Quello che il capo stabilisce, quello viene fatto, perché è come l’eredità che continua e non se ne può fare a meno. Tanto più che la famiglia allora si identificava con il clan. La benedizione di Dio e delle sue promesse avviene tramite la catena delle generazioni (“il Dio di Abramo, di Isacco, di Giacobbe”). La fede è come la vita, va da vivente a vivente.
Non vi è certamente un discorso tematico di iniziazione o educazione religiosa di minori da parte dei genitori, come faremmo noi, ma tutta la prima educazione e per tutti (genitori, figli e schiavi) avviene nella “casa paterna”, membro a sua volta della grande comunità del popolo di Dio.
Così quando si celebra la Pasqua, il capofamiglia “celebra” un rito che coinvolge tutti, grandi e piccoli (cf Es 13). Quando Cornelio viene battezzato, tutta la sua domus, figli e schiavi compresi, lo sono (At 10,24.48); se Lidia commerciante di porpora o il carceriere di Filippi ricevono il battesimo, tutta la loro domus lo riceve (At 16,15;31, cf 1Cor 1,16).
– Ma non è un procedimento spersonalizzato, all’ammasso. Vi sono cenni illuminanti da non dimenticare, tanto più appare cogente l’intervento dei capifamiglia. Ne ricordo alcuni. 

SCHEDA

* I figli e gli schiavi vengono a conoscere lo stesso annuncio che i padri ricevono da parte di Pietro e di Paolo (cf At 20, 7-12; 1Pt 2,18-25).
* Vi è anzi la preoccupazione di catechesi esplicite, come la catechesi del figlio in occasione di Pasqua: “Quando tuo figlio domani ti chiederà: Che significa ciò?, tu gli risponderai: Con braccio potente il Signore ci ha fatti uscire dall’Egitto…” (Es 13,14ss). Dai libri dei saggi (Prov ed altri) appare che la cura formativa dei giovani ebrei fa perno sul timor di Dio e porta ad una condotta secondo la legge. E con polso fermo. Educare nell’AT è correggere con forza (cf Prov 3,11-12; Dt 8,5)
* Nelle tavole domestiche, ossia in quella serie di compiti – che troviamo nel NT – che spetta alla famiglia cristiana, si comanda ai padri di esercitare verso i figli una “paideia del/nel Signore”, che comporta non solo il contenuto della fede cristiana, ma un metodo di amore paziente che deve evitare l’ira (Ef 6,1-4).
* La famiglia allora ha in questo un validissimo supporto del tutto logico e accettato: è per tutti, grandi e piccoli, la comunità di appartenenza primaria. I figli andavano al tempio e alla sinagoga per imparare la legge del Signore (così Gesù) e poi nella comunità ecclesiale per imparare il Vangelo (si veda l’elogio dei giovani da parte di Giovanni, 1Gv 2,13-14).

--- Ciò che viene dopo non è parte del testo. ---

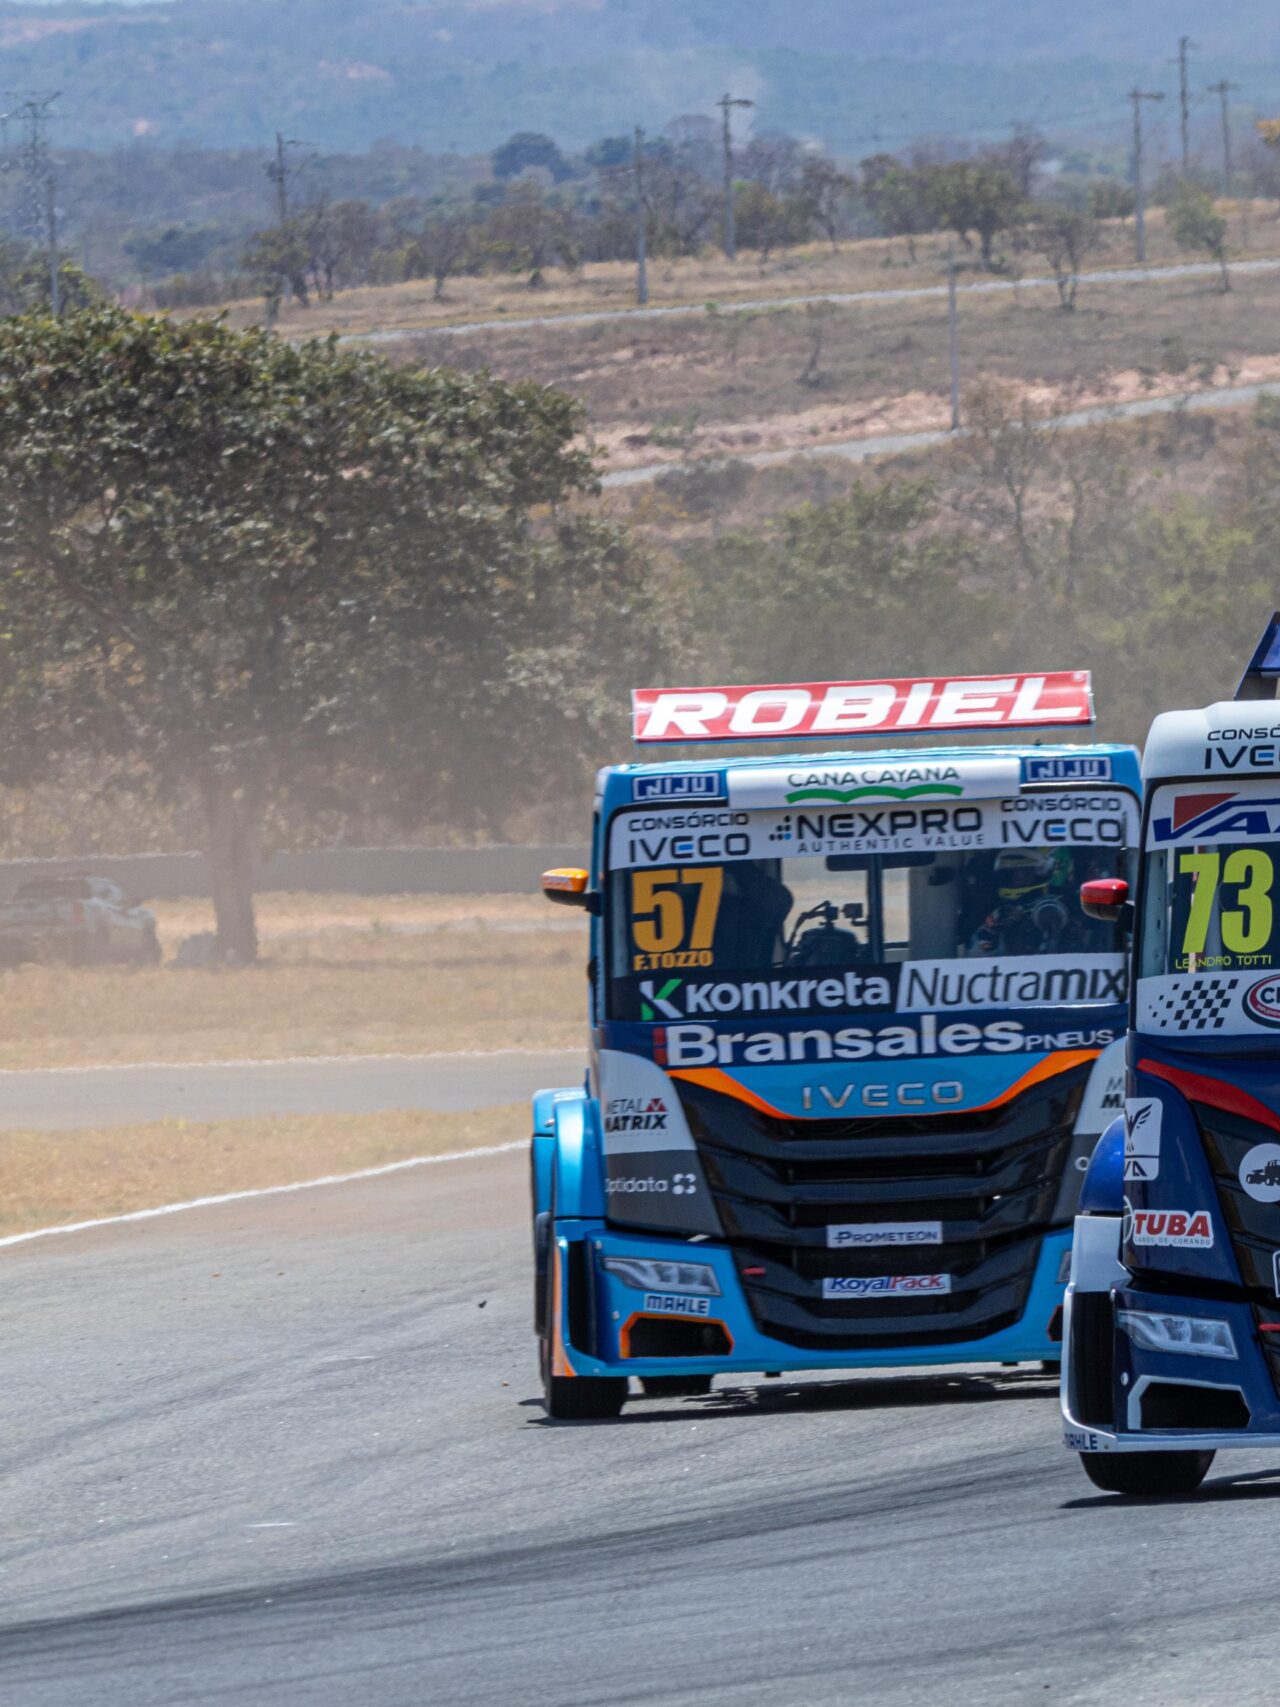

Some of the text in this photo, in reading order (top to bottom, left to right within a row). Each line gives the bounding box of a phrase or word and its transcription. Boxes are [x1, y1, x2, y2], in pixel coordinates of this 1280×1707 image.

Dunque, pur in regime di patriarcalismo egemonico, nella Bibbia le famiglie hanno coscienza di essere gli anelli che portano avanti la benedizione e dunque l’alleanza di Dio di generazione in generazione. Avvertono che ne devono parlare ai figli come per un debito davanti a Dio, a fondamento della identità e continuità del gruppo. E infatti ne parlano ai figli e su tale strada li guidano con le proprie risorse educative, anzi con una catechesi familiare specifica, e poi avvalendosi delle risorse della comunità (guidata dagli scribi o rabbi religiosi che nel NT sono i primi ministri cristiani), ove il metodo si trasforma dal rigore della verga allo stile evangelico di Gesù ispirato dalla carità.
Eppure non vi è una identificazione tra famiglia e trasmissione della fede, ossia la famiglia è necessaria, come abbiamo visto, ma non autosufficiente.
Vi sono qui due fondamentali parametri per comprendere il “punto di vista” di Dio.
Anzitutto la sua contestazione. Anche nella Bibbia avviene che figli si ribellino. Da Caino (Gen 4), ai fratelli di Giuseppe (Gen 37), ad Assalonne (2Sam 15), al figlio prodigo del Vangelo (Lc 15)… vi sono casi di fallimento familiare. Lo stesso patriarcalismo maschilista è sotto critica: si pensi ai profeti quando denunciano le malefatte dei padri che con il figlio vanno dalla stessa fanciulla (cf Am 2,7); le critiche di Natan al padre della nazione Davide quando usurpa la moglie di un altro (2 Sam 11-12), o la denuncia di Elia contro Acab per la vigna di Nabot (cf 1Re 21,20s) o la reazione di Isaia contro Sennnacherib quando si fa Dio (2Re 19,20s). Sono malesseri della famiglia contestati da Dio e che con la luce di Dio alla fine, dopo un processo di riflessione, arrivano a trovare la loro spiegazione radicale nel padre e madre dell’umanità, nelle figure fallimentari di Adamo ed Eva (cf Gen 3; Rom 5,12s).
Un singolare correttivo critico attraversa la Bibbia nei confronti della famiglia, o meglio di un certo modo di intenderla. Ricordiamo due riferimenti, uno dall’AT e uno dal NT. 

SCHEDA

* Dio nel suo agire nella storia non si lascia condizionare dalla logica patriarcalista: egli sceglie il minore, non il maggiore, come invece avviene secondo la logica di ieri (e di sempre). Sceglie Abele e non Caino (Gen 4,4), Giacobbe e non Esaù (Gen 25, 29s), Beniamino e Giuseppe e non gli altri fratelli (Gen 37s), Gedeone, “il più piccolo della casa di suo padre” (Giud 6,15) e poi Davide e non gli altri fratelli maggiori (1Sam 16,1s). La scelta del minore si accompagna con la scelta del debole (Mosè e Geremia che non sanno parlare: Es 4,16, Ger 1,6-10), della sterile (come Sara: Gen 18,1-15, come Anna: 1Sam 1, come Elisabetta: Lc 1); il Messia nasce da una vergine non per opera di un uomo che se ne potrebbe vantare (Is 7, 14; Mt 1,18-13; Lc 1,26-38). Il che significa che sia il dono della vita come l’educazione alla fede collegano la famiglia alla memoria di un Altro più grande, non sono produzione soggettiva e arbitraria del capo famiglia, tanto meno in forma coercitiva.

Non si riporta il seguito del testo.